TV Interview - Don’t look back in anger

Startup.com chronicles rise and fall of a dot-com dream

I just got an e-mail from Tony, a buddy from high school. This spring, he and some dot-com exiles formed a new Internet company out in San Francisco. Their timing, of course, couldn’t be worse. These days, most startups have the shelf life of raw chicken under a heat lamp. Still, Tony and his boys are trying to drum up interest in the local press.

“The urge to watch the giant car-wreck of the Bay Area’s economy is almost irresistible,” they concede. “But is it no longer possible to write a success story?”

Two years ago, you couldn’t swing a dead cat without hitting a success story. Internet startups were the Gold Rush and prospectors were everywhere. Two of them were Kaleil Isaza Tuzman and Tom Herman, twentysomething childhood friends who quit their day jobs in New York City to invest in a million-dollar idea.

That idea was simple: Give Americans a way to pay their local government fees — driver’s licenses, traffic tickets and the like — online. The duo christened their baby GovWorks and went to work.

They weren’t alone. Jehane Noujaim, a young filmmaker, had been a roommate of Tuzman’s and saw her friend’s gamble as a chance to document the fin de siecle revolution. She left her job at MTV and hoisted a digital video camera on her shoulder, starting May 20, 1999, the day Tuzman quit his own job at Goldman Sachs.

For Noujaim, Tuzman’s quest was a chance to see “the center of the action. And he was this extremely charismatic character.”

At the same time, Chris Hegedus had a similar idea but couldn’t find the right subject. (Hegedus and her husband, D.A. Pennebaker — the man behind the 1967 Dylan documentary Dont Look Back — had won Academy Award nominations in 1994 for The War Room, the behind-the-scenes look at Bill Clinton’s 1992 presidential campaign.)

“I was totally obsessed with this idea. I was looking for something that was the pulse of this generation,” Hegedus says. “It looked like the Internet was that.”

A mutual friend brought Hegedus and Noujaim together in 1999. The two began following Tuzman and Herman, filming them as they pitched their idea to venture capitalists; as board member Maynard Jackson (yep, Atlanta’s own) led them in a pep rally cheer; as they coped with a break-in at their Manhattan offices; as they apologized to girlfriends and family members for their long hours; as they bickered and cursed and watched their business drive a wedge in their friendship. There’s even a scene with Bryan Mundy, the CEO of Atlanta-based EzGov, who died in January in a house fire.

Says Noujaim: “In terms of a goal or strategy, it was to follow whatever happened. Penne said just shoot ‘til you get bored, which gave us 400 hours of footage.”
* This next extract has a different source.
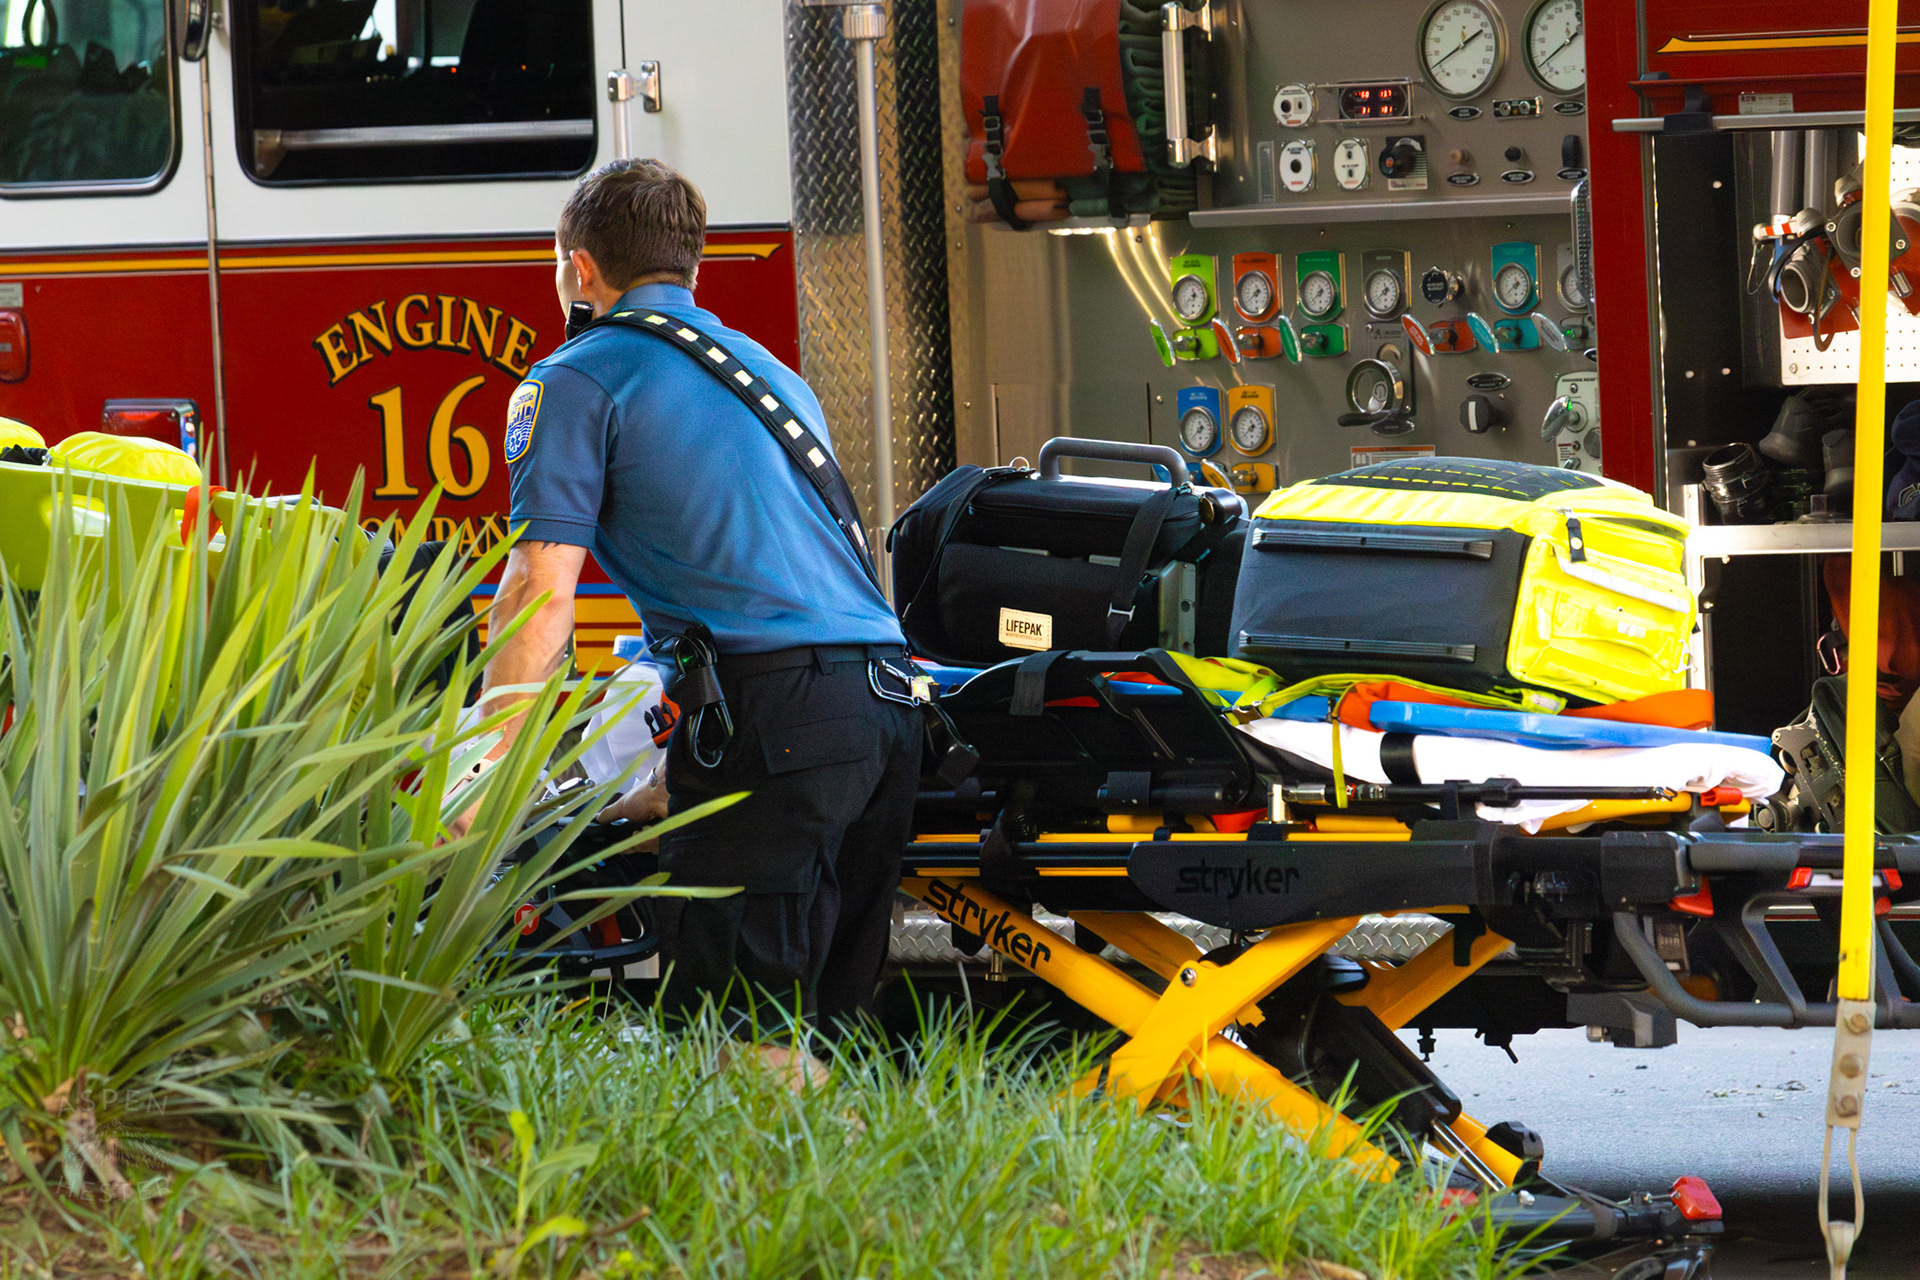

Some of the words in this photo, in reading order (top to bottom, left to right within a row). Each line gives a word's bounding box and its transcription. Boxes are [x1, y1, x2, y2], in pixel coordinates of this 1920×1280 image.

From those 400 hours, Noujaim and Hegedus emerged with Startup.com (opening in June), a documentary that purports to track, as the promotional posters say, “the rise and fall of the American Dream.” Through the prism of the last year, as dot-coms imploded and tech stocks plummeted, that dream seems as ephemeral as smoke. After only a year or two, the film’s subject already seems like ancient history. Were we really that naive?

When they started, the filmmakers had no idea how far they’d travel with Tuzman and Herman. Six months, maybe. It turned into 18.

“You never quite knew the end, but you’d anticipate what it might be,” Hegedus says. “The obvious end would be that they would become millionaires and whatever that would do to somebody so young.”

Of course, that was before the market collapsed, before dot-coms started breaking apart like a dead leaf. As Tuzman and Herman realize their product can’t match the competition, that they can’t realize enough of the “vertical market of $586 billion,” they turn on each other. One partner fires the other, and we’re left wondering if their friendship can be salvaged. But Noujaim and Hegedus captured their reconciliation — in a gym, of all places, much to the initial chagrin of the filmmakers.

“We didn’t want a lot of back-up noise,” Noujaim says. As it turns out, though, the gym was a great metaphor, as Herman spots his old friend on the bench press. “It was 10 times more interesting than if it was in a coffee shop — all those nuances that come out from reality that wouldn’t be there.”

The post-script to the story is that today, Tuzman and Herman are in business together again — helping bankrupt dot-coms.

“It was an amazing adventure,” Hegedus says of the Internet salad days. “People will have a hard time finding something to replace it. ... For a lot of these people, just going back to business as it is will never fulfill creatively what that moment was. It was a time when everyone was encouraged to come up with all these ideas.”

As for my friend Tony and his colleagues, they’re concentrating on the one commodity where a dot-com is almost guaranteed to make money. They’re selling sex toys.??